◆ Requirement ◆
As you work through the listing below, copy each line exactly and drop the images.

◆ Records supplied ◆
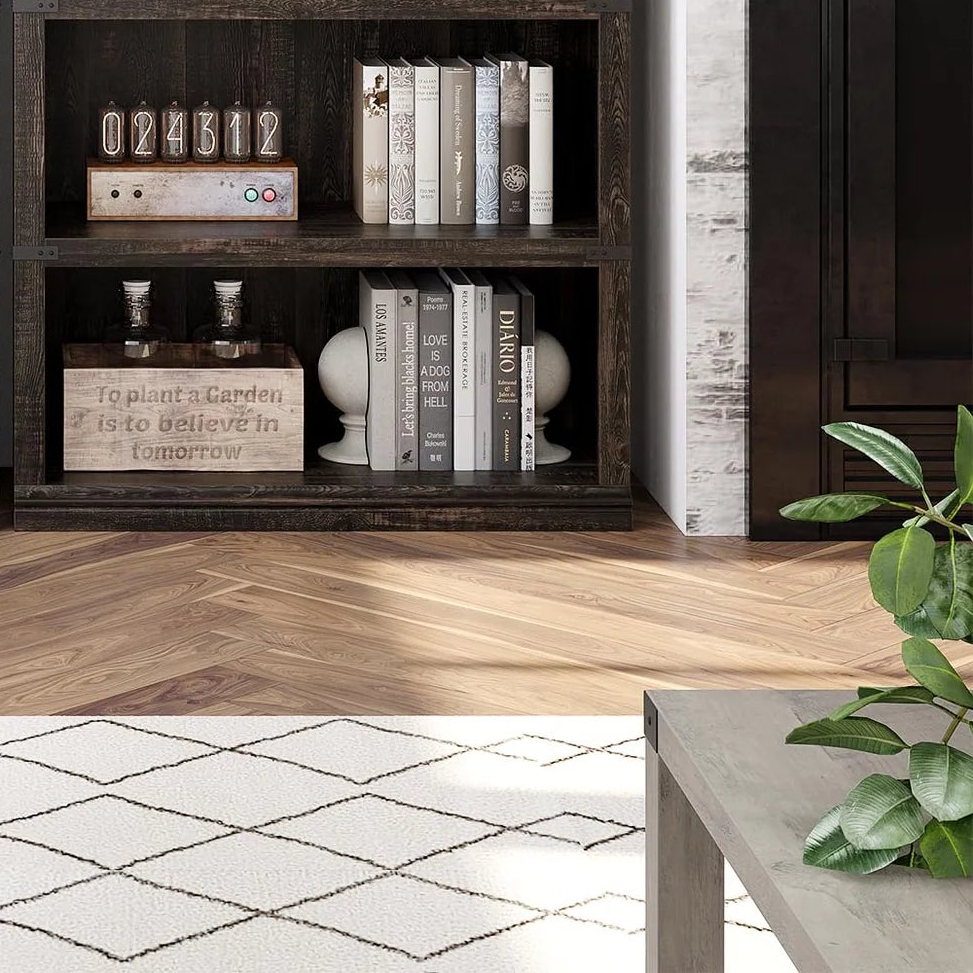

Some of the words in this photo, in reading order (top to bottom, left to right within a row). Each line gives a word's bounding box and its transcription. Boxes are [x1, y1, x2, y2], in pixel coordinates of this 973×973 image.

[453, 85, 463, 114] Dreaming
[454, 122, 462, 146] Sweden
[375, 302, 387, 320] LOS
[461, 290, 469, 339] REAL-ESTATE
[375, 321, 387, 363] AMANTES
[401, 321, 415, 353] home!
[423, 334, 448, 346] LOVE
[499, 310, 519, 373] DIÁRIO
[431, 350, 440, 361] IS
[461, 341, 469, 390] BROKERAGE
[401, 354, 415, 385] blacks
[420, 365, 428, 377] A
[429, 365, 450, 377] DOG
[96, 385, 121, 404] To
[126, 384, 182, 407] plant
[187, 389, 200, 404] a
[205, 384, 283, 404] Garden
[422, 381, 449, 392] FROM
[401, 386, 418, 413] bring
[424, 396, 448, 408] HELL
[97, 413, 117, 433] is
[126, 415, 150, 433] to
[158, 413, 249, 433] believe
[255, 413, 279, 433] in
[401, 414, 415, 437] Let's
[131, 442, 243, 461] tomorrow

◆ Reply to the exercise ◆
Some of the words in this photo, in reading order (top to bottom, left to right within a row). Each line gives a word's bounding box and its transcription. Boxes are [x1, y1, x2, y2], in pixel coordinates of this 973×973 image.

[453, 85, 463, 114] Dreaming
[454, 122, 462, 146] Sweden
[375, 302, 387, 320] LOS
[461, 290, 469, 339] REAL-ESTATE
[375, 321, 387, 363] AMANTES
[401, 321, 415, 353] home!
[423, 334, 448, 346] LOVE
[499, 310, 519, 373] DIÁRIO
[431, 350, 440, 361] IS
[461, 341, 469, 390] BROKERAGE
[401, 354, 415, 385] blacks
[420, 365, 428, 377] A
[429, 365, 450, 377] DOG
[96, 385, 121, 404] To
[126, 384, 182, 407] plant
[187, 389, 200, 404] a
[205, 384, 283, 404] Garden
[422, 381, 449, 392] FROM
[401, 386, 418, 413] bring
[424, 396, 448, 408] HELL
[97, 413, 117, 433] is
[126, 415, 150, 433] to
[158, 413, 249, 433] believe
[255, 413, 279, 433] in
[401, 414, 415, 437] Let's
[131, 442, 243, 461] tomorrow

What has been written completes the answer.